A wooden roller coaster built in 1929, the Big Dipper was almost 50 years old by the time I started riding. It was rickety, loud, rough, and fabulous! I can still remember how it felt. The release of the brakes as we started rolling. The cars jerking as the cogs caught at the bottom of the first hill. The rhythmic clank and clack of the pull chain filling my ears. No matter how many times I rode, I still got excited as we approached the top. I could hear the cars disengage from the cogs one at a time as we crested the hill. Then we plunged to the bottom, stomach in my throat, as fellow passengers screamed and yelled. At the bottom of the hill, I was pressed into the seat as the car changed direction and was carried by its own inertia up the next hill, only to repeat again.
The Big Dipper was an “out and back” coaster meaning it went “out,” made a tight turn, and then came “back.” That turn was a doozy. At the halfway point, the coaster still had a lot of speed, and the cars would slam into that turn and bounce you against the sides.
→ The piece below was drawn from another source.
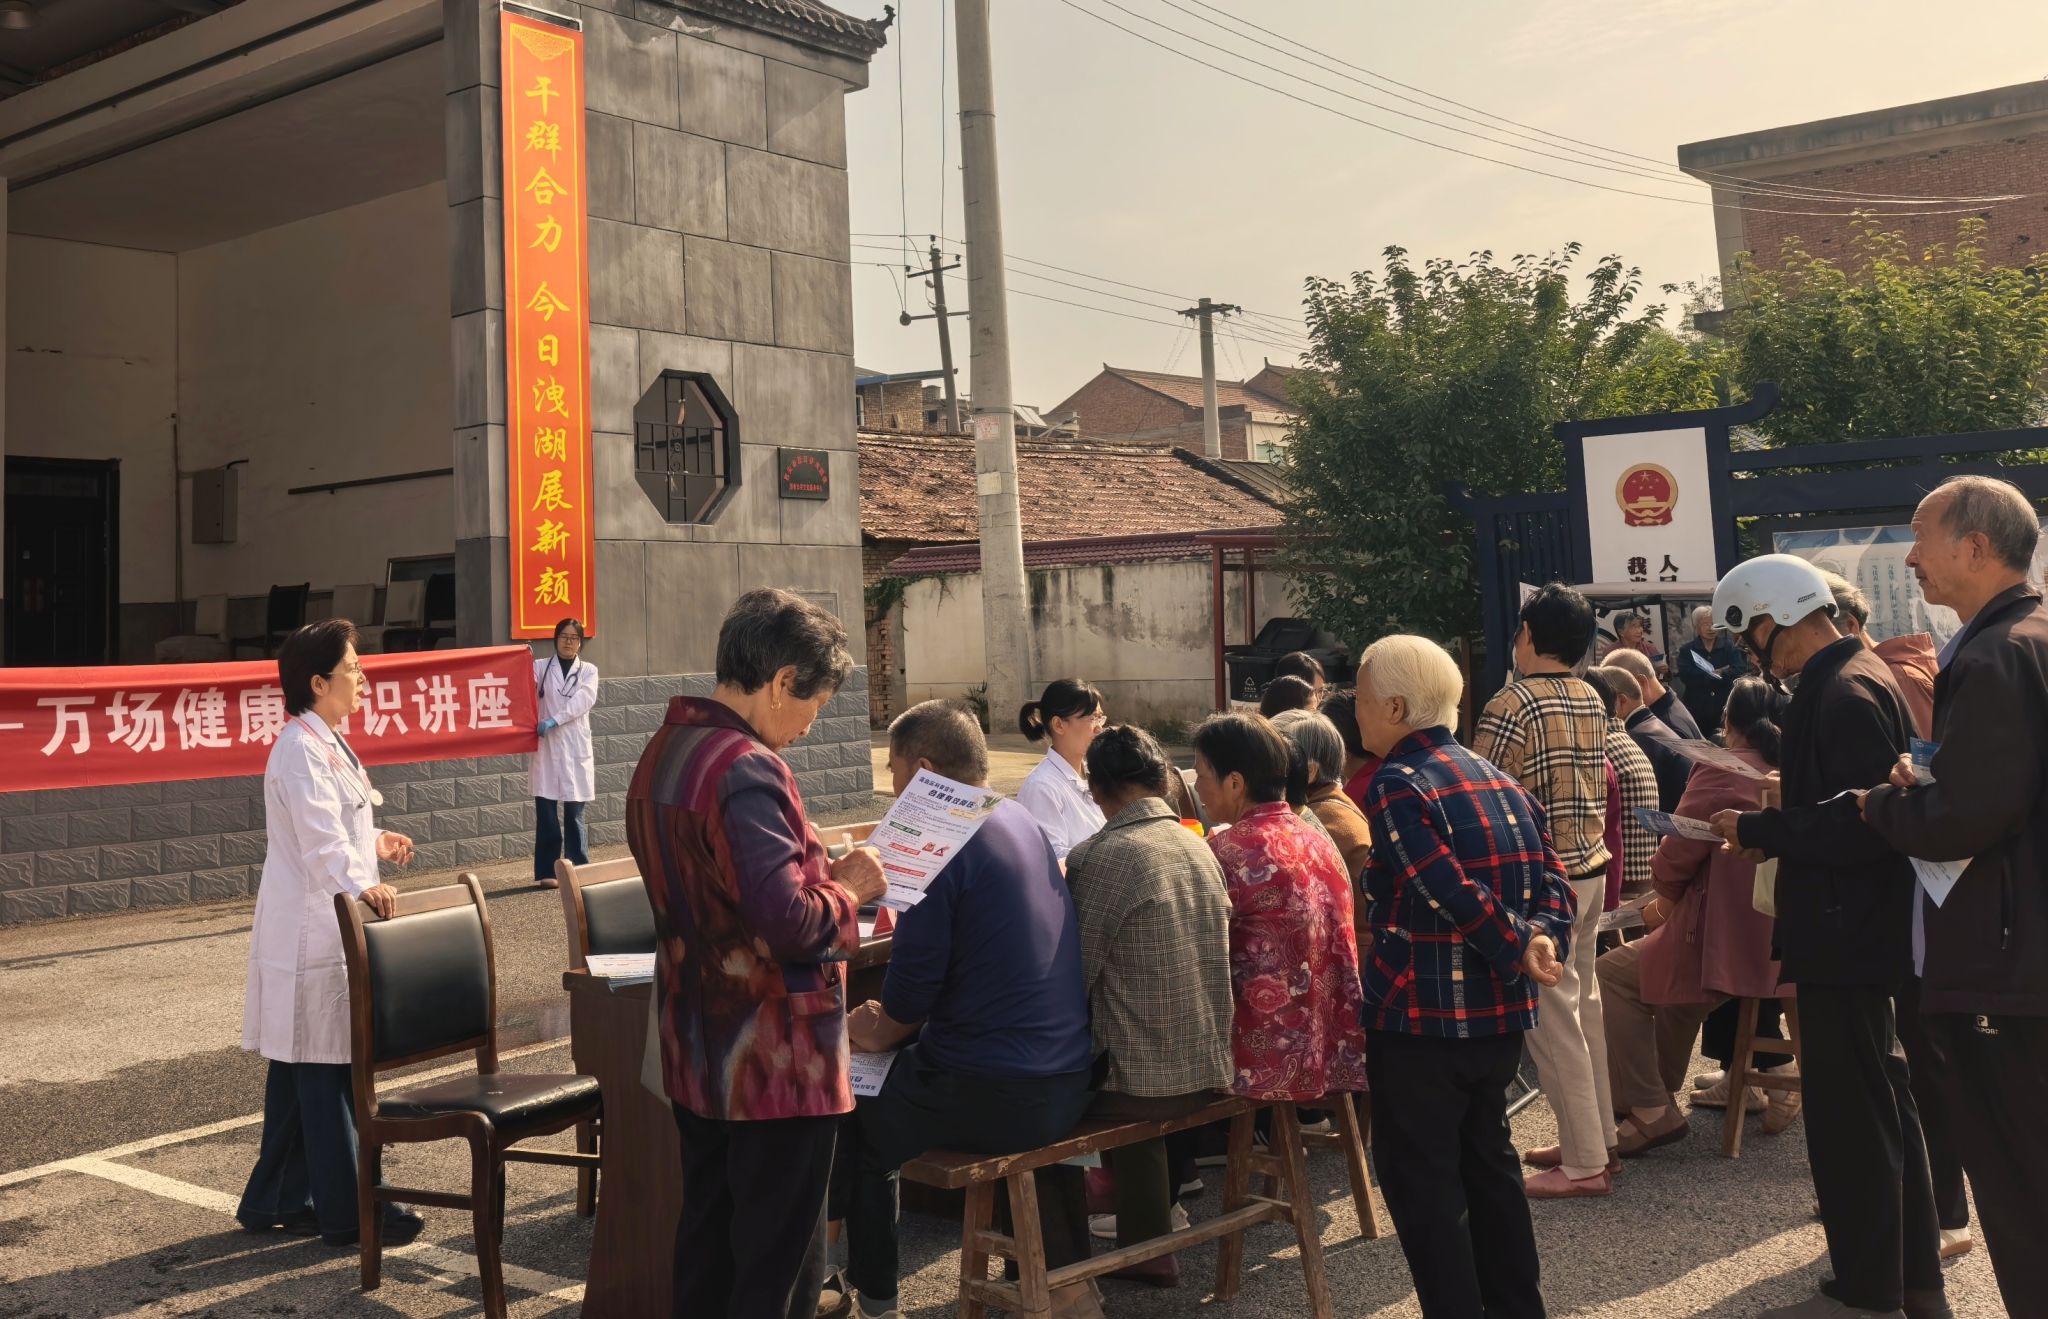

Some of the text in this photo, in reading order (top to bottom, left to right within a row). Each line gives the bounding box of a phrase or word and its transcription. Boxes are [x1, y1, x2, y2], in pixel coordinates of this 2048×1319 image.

[524, 75, 568, 253] 干群合力
[0, 672, 513, 757] 万场健康识讲座
I remember having bruises sometimes after riding. Then, way too soon, the ride was over; we slowed while coming into the station and stopped.
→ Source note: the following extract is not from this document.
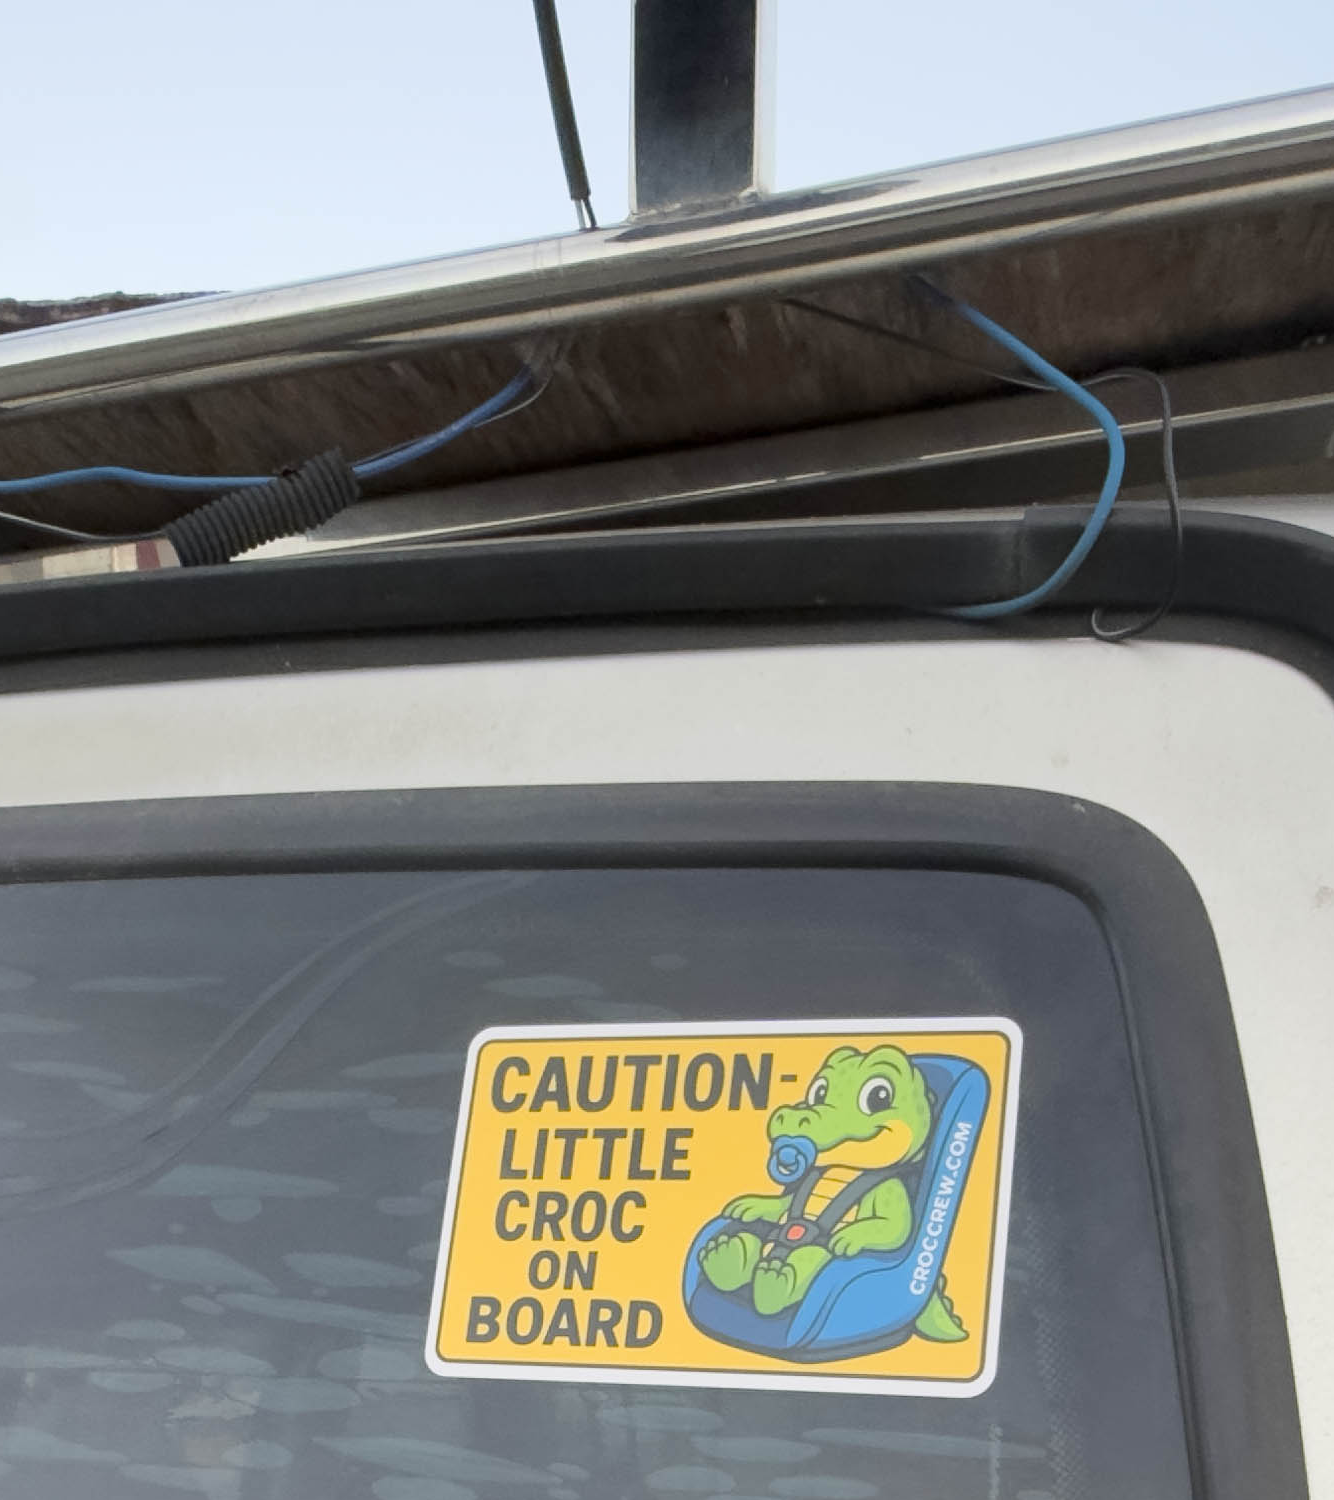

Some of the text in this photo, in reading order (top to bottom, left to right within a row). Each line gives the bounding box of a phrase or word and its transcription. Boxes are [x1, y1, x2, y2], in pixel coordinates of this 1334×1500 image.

Usually you had to get out, go around to the entrance, get back in line, and wait to ride again. Except one day there wasn’t any line. That day the operator let us stay on the roller coaster and just kept sending it out, over and over and over again. I rode the Big Dipper at least 50 times in a row. I was in paradise, and I never wanted to get off.
The last few weeks have been an emotional roller coaster for my family. I think the person who first used that term to refer to emotional turmoil didn’t like roller coasters. However, I think I like the analogy.
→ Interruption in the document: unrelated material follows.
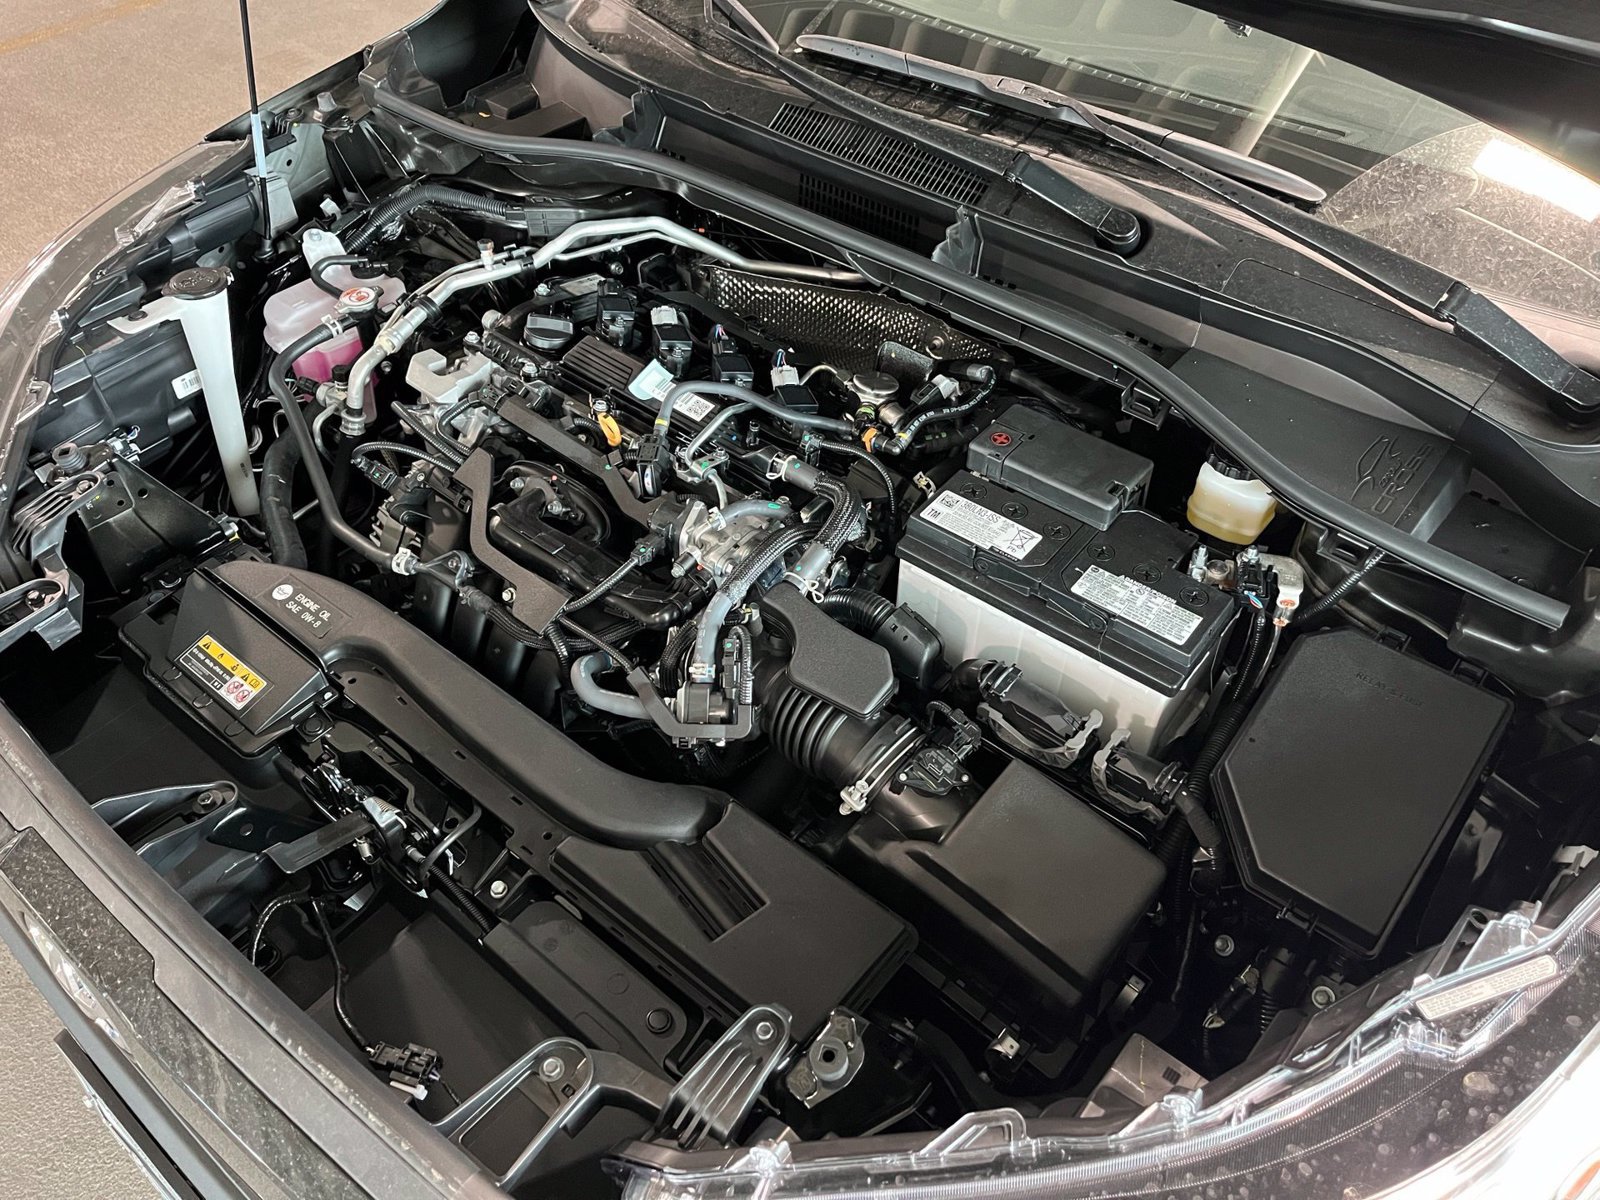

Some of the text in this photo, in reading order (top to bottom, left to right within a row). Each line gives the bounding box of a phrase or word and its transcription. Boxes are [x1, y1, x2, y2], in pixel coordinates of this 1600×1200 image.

Sometimes our emotional lives are like a roller coaster—up and down, anticipation and expectation, sudden drops and turns, inevitable climbs and subsequent falls. Just like the ride, we find our stomachs in our throats, screams caught without the breath to release them, and bruises and bumps from being thrown into the corners and pressed into the deepest bottoms.
On a roller coaster, you are not in control of the car you are in. It is following a path you did not create and often cannot see. Part of the fun is the surprise. You must trust the car to stay on the track. In life, I must trust the path, even when it feels like I am leaving the rails. It can be frightening not to be able to see over the next hill or around the corner, but I have been on this ride before. I should remind myself that I know the car will hold.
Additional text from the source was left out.